══ Dataset entries ══

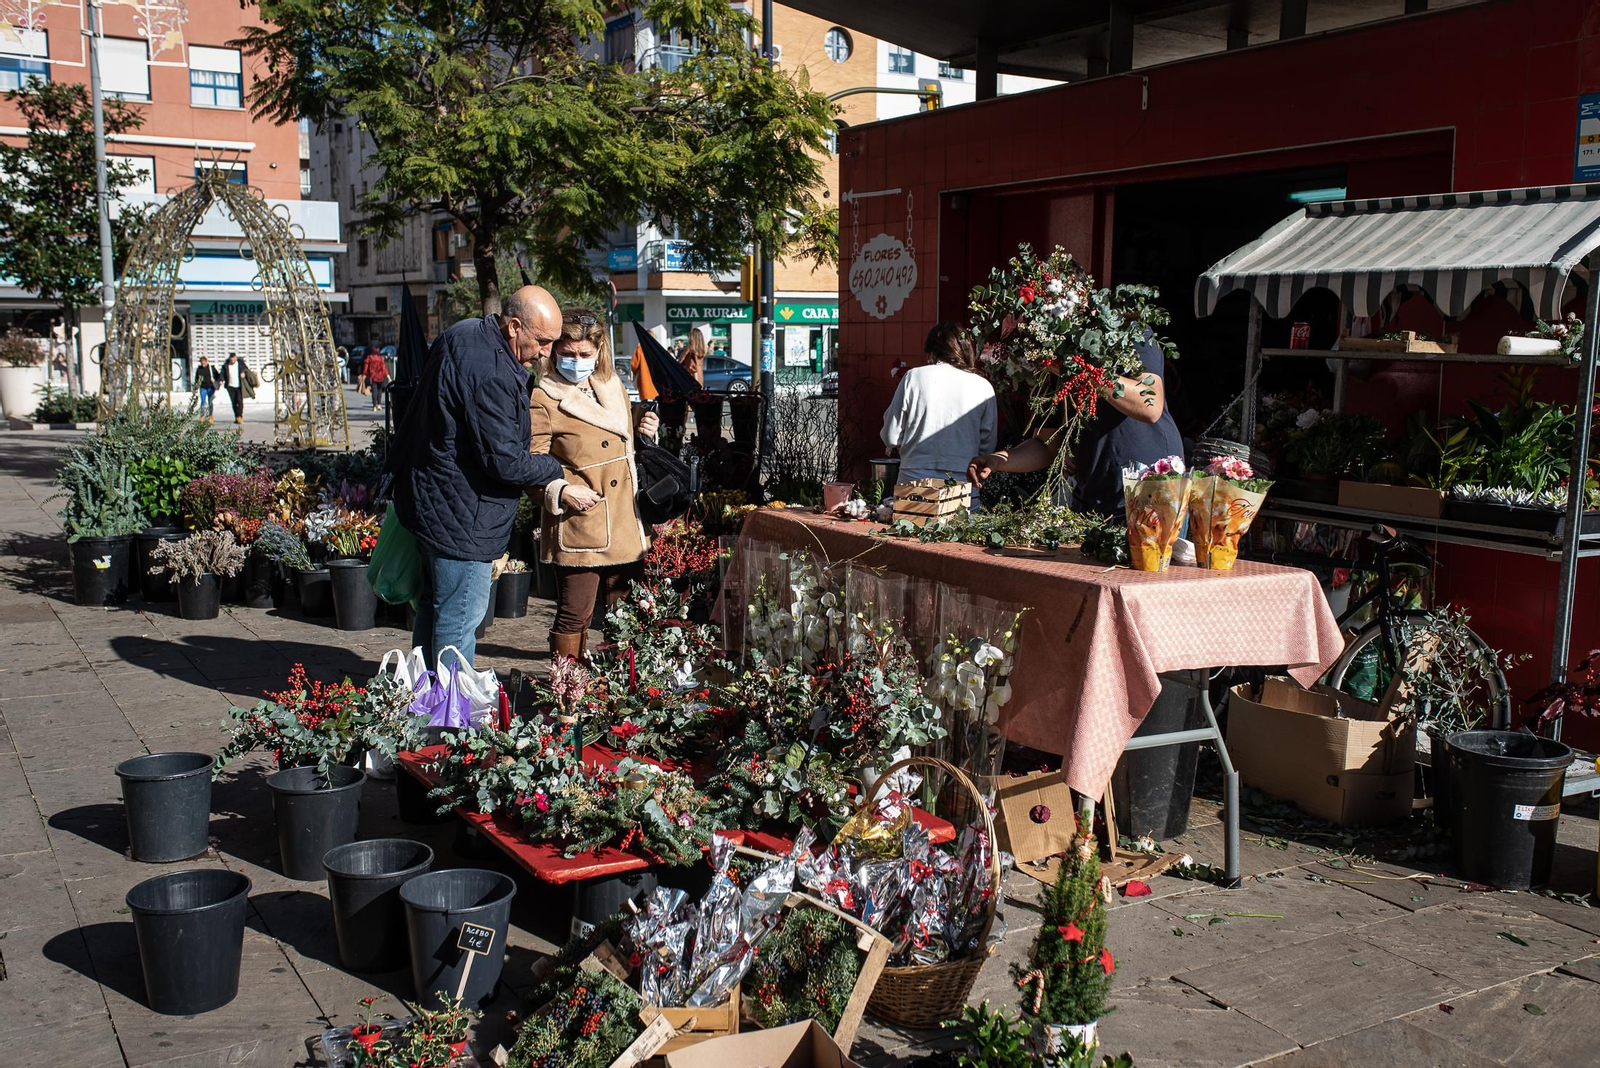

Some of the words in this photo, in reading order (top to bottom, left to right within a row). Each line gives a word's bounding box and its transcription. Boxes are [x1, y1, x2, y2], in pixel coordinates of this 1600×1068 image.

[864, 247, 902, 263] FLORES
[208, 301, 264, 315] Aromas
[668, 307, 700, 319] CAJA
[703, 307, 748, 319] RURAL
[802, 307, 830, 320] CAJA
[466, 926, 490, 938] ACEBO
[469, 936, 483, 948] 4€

═══

# Work task:
Above are the records; transcribe them exactly without the pictures.

# Response below:
Some of the words in this photo, in reading order (top to bottom, left to right within a row). Each line gives a word's bounding box and its transcription. Boxes are [x1, y1, x2, y2], in pixel coordinates of this 1600×1068 image.

[864, 247, 902, 263] FLORES
[208, 301, 264, 315] Aromas
[668, 307, 700, 319] CAJA
[703, 307, 748, 319] RURAL
[802, 307, 830, 320] CAJA
[466, 926, 490, 938] ACEBO
[469, 936, 483, 948] 4€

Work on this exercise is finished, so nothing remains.